Evaluating Assessment Evidence
by Simon Carruthers
Submitted for Master of Teaching, Victoria University, New Zealand.
Grade Achieved: A+
Introduction
This paper will analyse primary school achievement data of three students
who are at risk of underachieving in 2015. The purpose of this exercise is to
inform teaching and expectations for students learning progress for the year.
Firstly, a summary of student information will be given. Then the types of
achievement data and information that were available will be outlined. This
paper, from the available data options, only selects the assessment tool of
STAR in which to make a more in-depth and thorough evaluation against
assessment theory. This paper then collates, analyses and summarizes STAR
Reading Test achievement data for the three students in particular and
suggests learning goals for each. This paper concludes with the idea that
achievement data carries only some information relevant for informing
teaching and expectations for students learning. Further, this paper finds
that other information, particularly mentally held and verbally communicated
information and interpretations from the teacher, provides the backdrop to
the students that is most likely to impact their future learning and, as such,
learning goals need to be tailored to this reality.

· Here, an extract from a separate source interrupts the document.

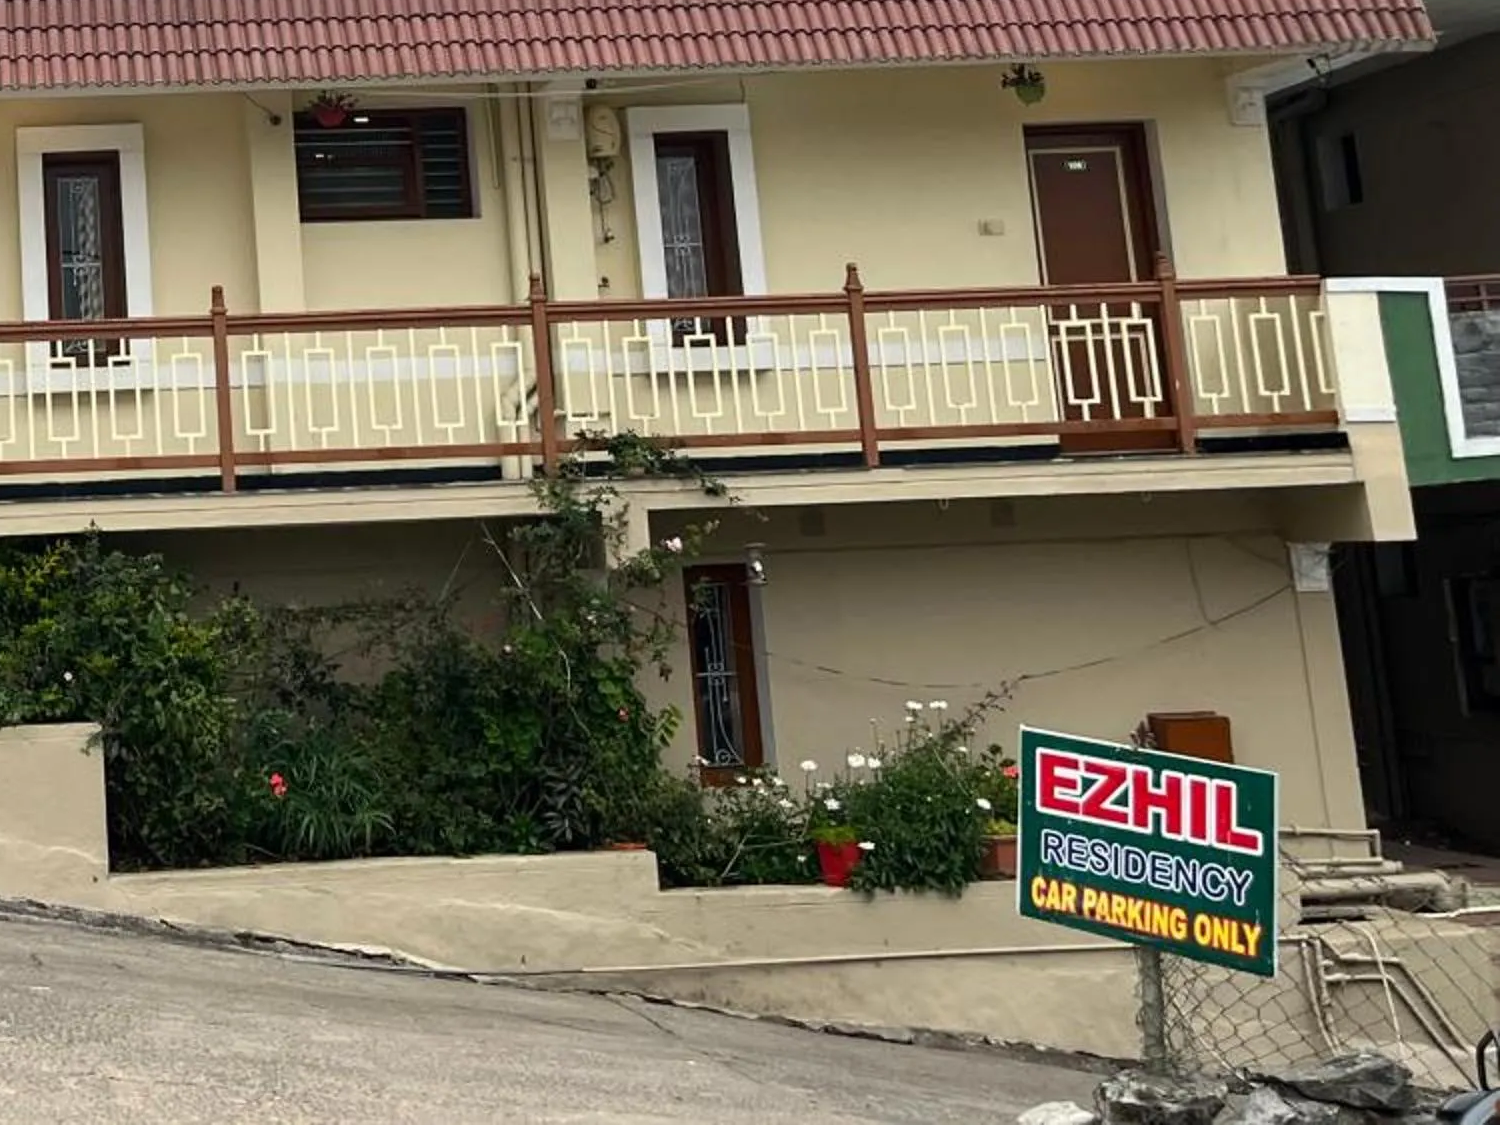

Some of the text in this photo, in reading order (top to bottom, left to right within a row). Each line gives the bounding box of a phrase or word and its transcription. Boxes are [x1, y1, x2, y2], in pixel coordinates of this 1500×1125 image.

[1037, 748, 1263, 856] EZHIL
[1041, 830, 1252, 905] RESIDENCY
[1031, 876, 1261, 956] CAR PARKING ONLY

Student Information Summary
For the purposes of this study, the three students are given pseudonyms,
Student A, Student B and Student C. The three students in this study come
from a composite class of Year 5s and Year 6s at a Contributing Primary. All
three students selected happened to be in Year 6. For all three students, this
meant that they were going to have the same teacher again for Year 6 as
they had had for Year 5. Therefore, these students start to the year has little
to do with getting to know a new teacher as it is about getting to know the
half of the class who have entered as Year 5s. This could generally be
expected to assist the students learning as the teacher is already well
informed of the learning needs of each student and the student is familiar
with the teaching style and directions of the teacher. Such arrangement was
also of particular interest because the teacher was able to assign buddy pairs
of one experienced Year 6 and have them demonstrate certain tasks to a Year
5 partner. Additionally, since this is the students final year of schooling at
their current school, as the end of the year approaches, they are likely to
develop increased anticipation of change of school to an intermediate. It is
unclear, at this stage, and beyond the scope of this paper, to discuss how this
anticipation of change may affect their learning.

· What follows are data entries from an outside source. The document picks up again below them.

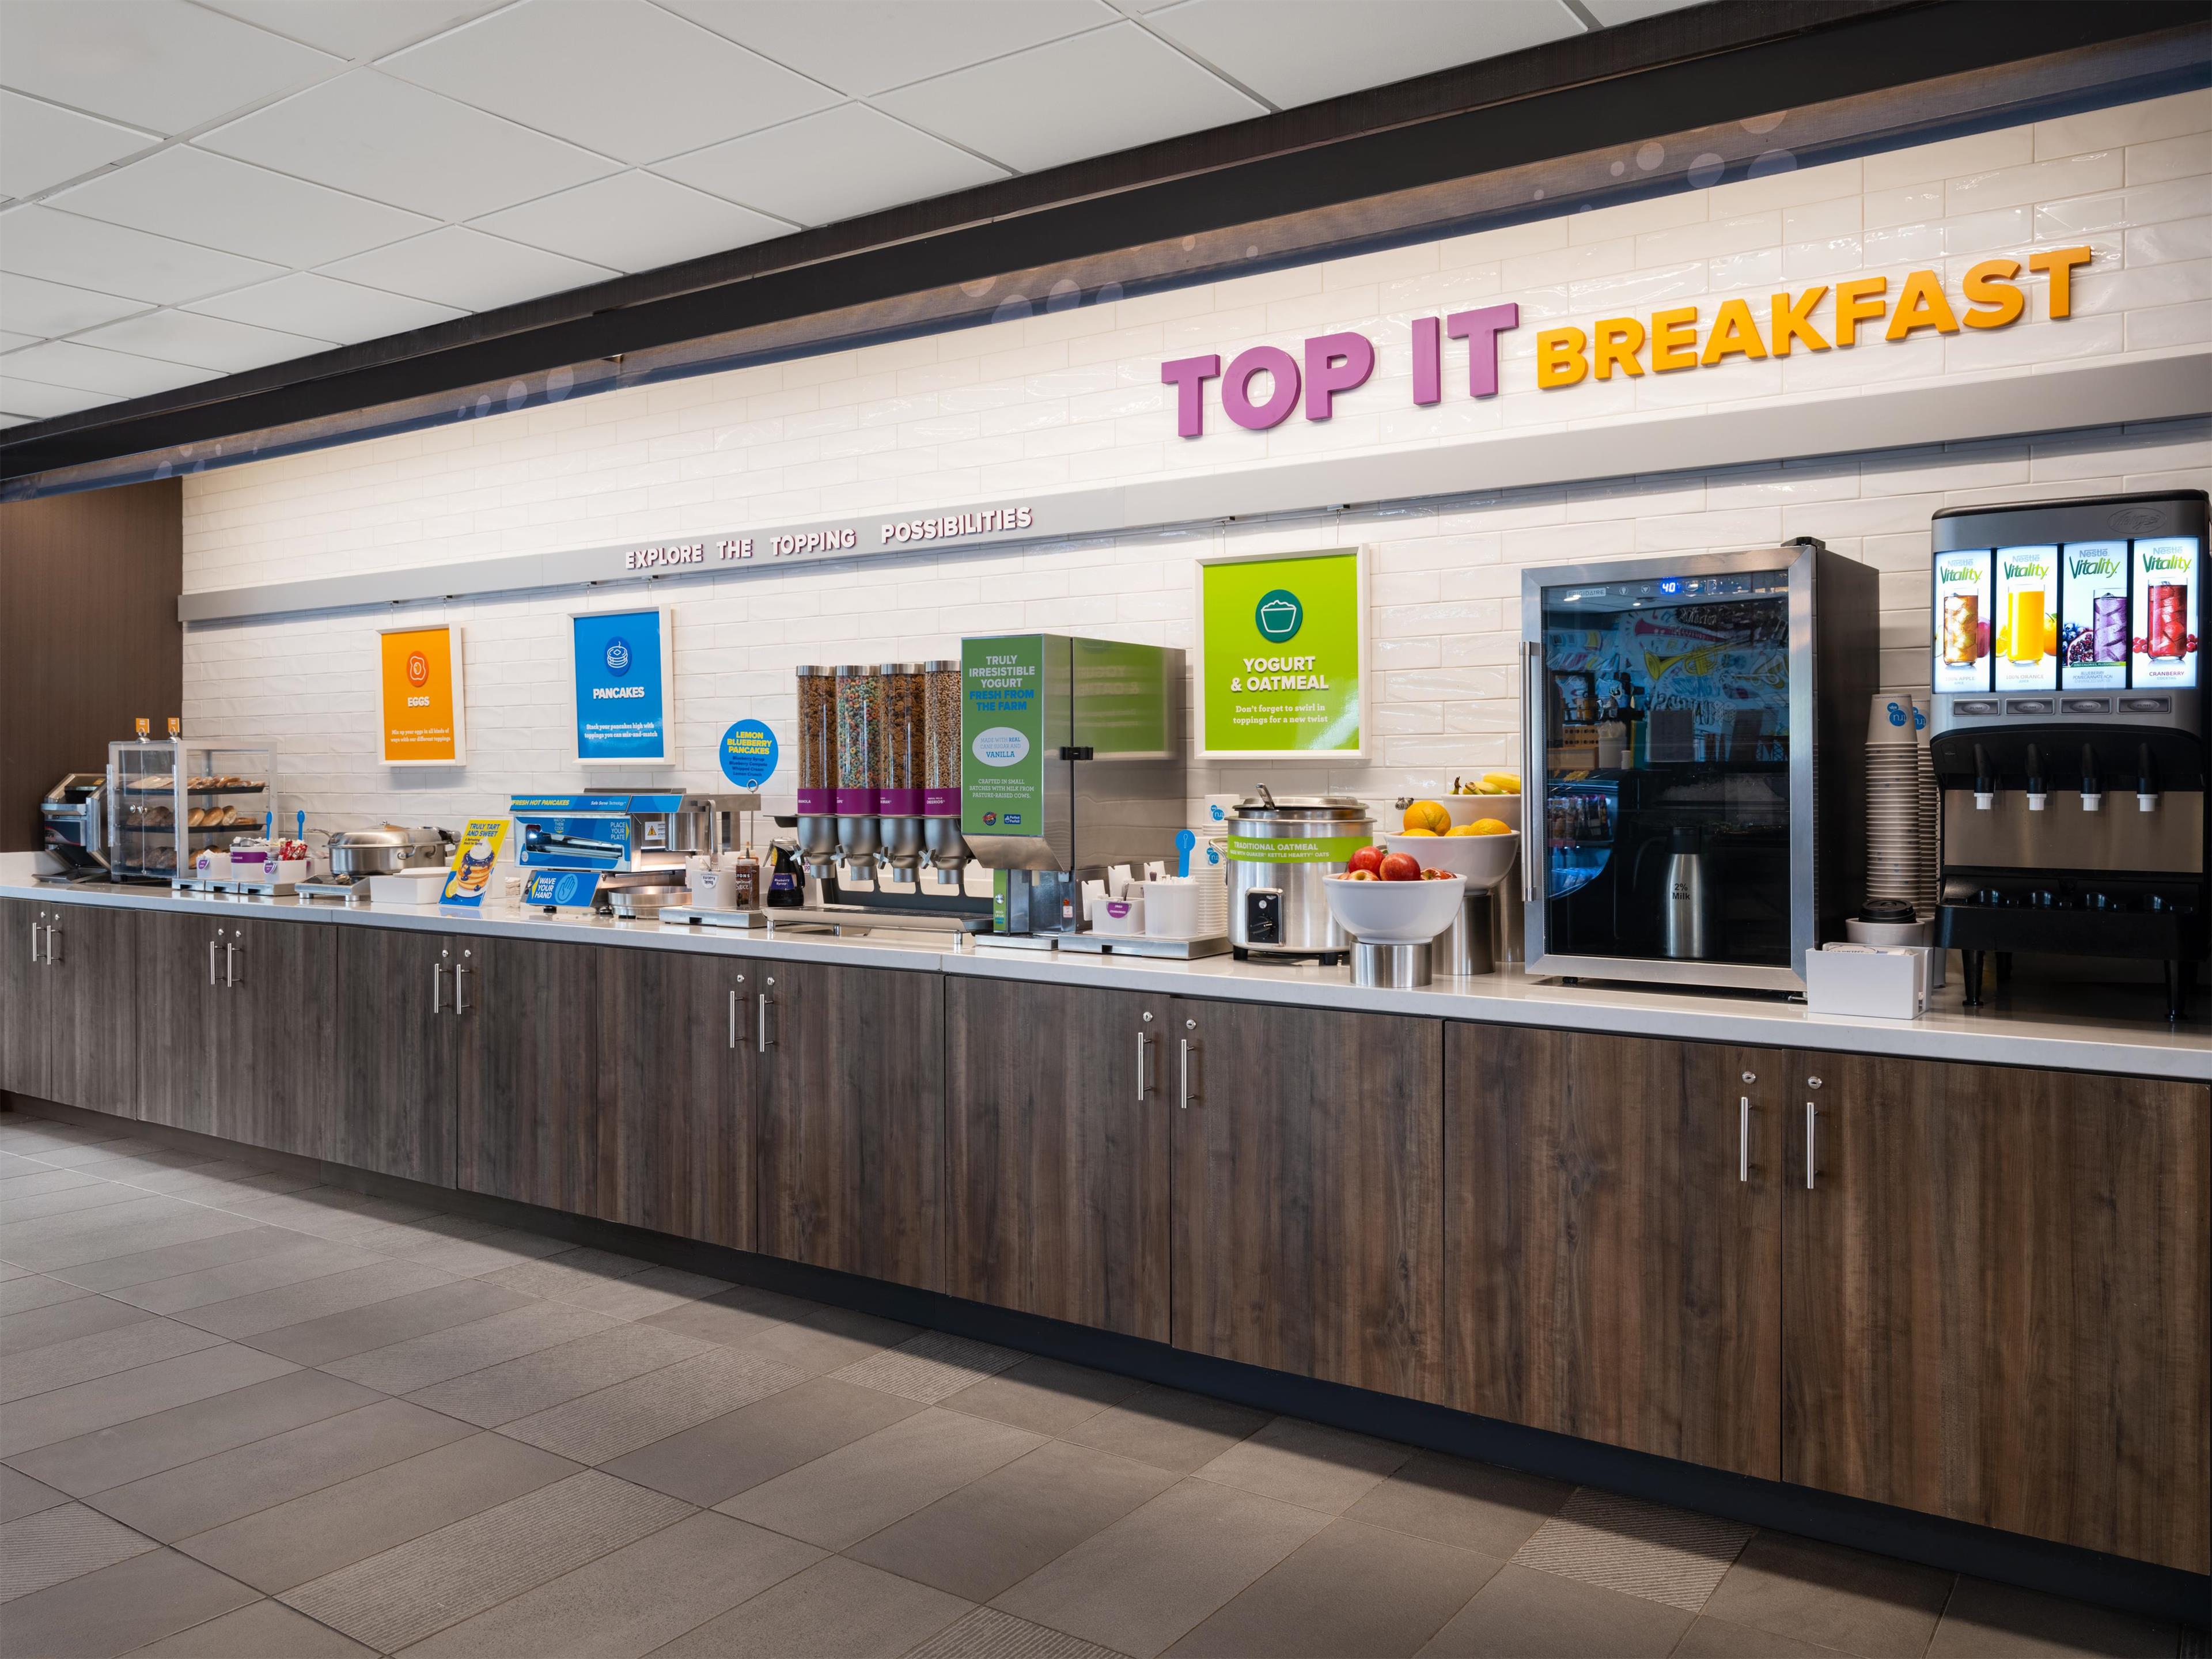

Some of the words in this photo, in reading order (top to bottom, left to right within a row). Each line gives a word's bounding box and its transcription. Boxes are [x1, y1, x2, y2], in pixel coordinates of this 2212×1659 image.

[1161, 331, 1376, 438] TOP
[1412, 302, 1520, 406] IT
[1536, 245, 2092, 390] BREAKFAST
[625, 544, 703, 569] EXPLORE
[717, 539, 753, 560] THE
[770, 528, 856, 555] TOPPING
[881, 506, 1033, 544] POSSIBILITIES
[2079, 548, 2108, 558] Nestlé
[2069, 556, 2120, 579] Vitality
[2142, 553, 2192, 573] Vitality
[1940, 566, 1983, 584] Vitality
[2004, 561, 2050, 580] Vitality
[1662, 582, 1676, 592] 40
[1568, 589, 1605, 598] FRIGIDAIRE
[986, 655, 1018, 665] TRULY
[1243, 656, 1316, 673] YOGURT
[969, 666, 1035, 677] IRRESISTIBLE
[980, 678, 1022, 688] YOGURT
[1230, 677, 1242, 692] &
[1247, 675, 1330, 691] OATMEAL
[593, 687, 645, 699] PANCAKES
[969, 691, 1002, 700] FRESH
[1004, 690, 1035, 699] FROM
[407, 696, 430, 707] EGGS
[976, 702, 996, 711] THE
[998, 700, 1027, 710] FARM
[1258, 704, 1283, 713] forget
[1295, 703, 1316, 711] swirl
[1233, 716, 1268, 725] toppings
[1269, 715, 1282, 724] for
[611, 722, 632, 730] pancakes
[632, 722, 643, 730] high
[736, 731, 764, 739] LEMON
[727, 738, 772, 747] BLUEBERRY
[728, 746, 770, 755] PANCAKES
[1233, 841, 1275, 851] TRADITIONAL
[1675, 883, 1688, 891] 2%

Achievement Data & Information
Evidence of both summative assessments of learning and formative
assessments for learning of the students were available from a large physical
binding folder holding paper located inside a lockable cupboard inside the
students classroom and contained:
Literacy data including: handwriting samples, running records, reading

wedge graphs, STAR tests, asTTle Reading, asTTle Writing
Numeracy data including: GLOSS tests, Basic Facts tests, samples of

work
OTJ summaries and copies of school reports
In addition, a password protected online database at www.etap.co.nz was

used by the school to store a digital record of the above achievement data,
particularly test score information.
Evaluation of Assessment Tools
The purpose of assessment is to identify where students are at with their
learning this is where summative assessment is most concerned.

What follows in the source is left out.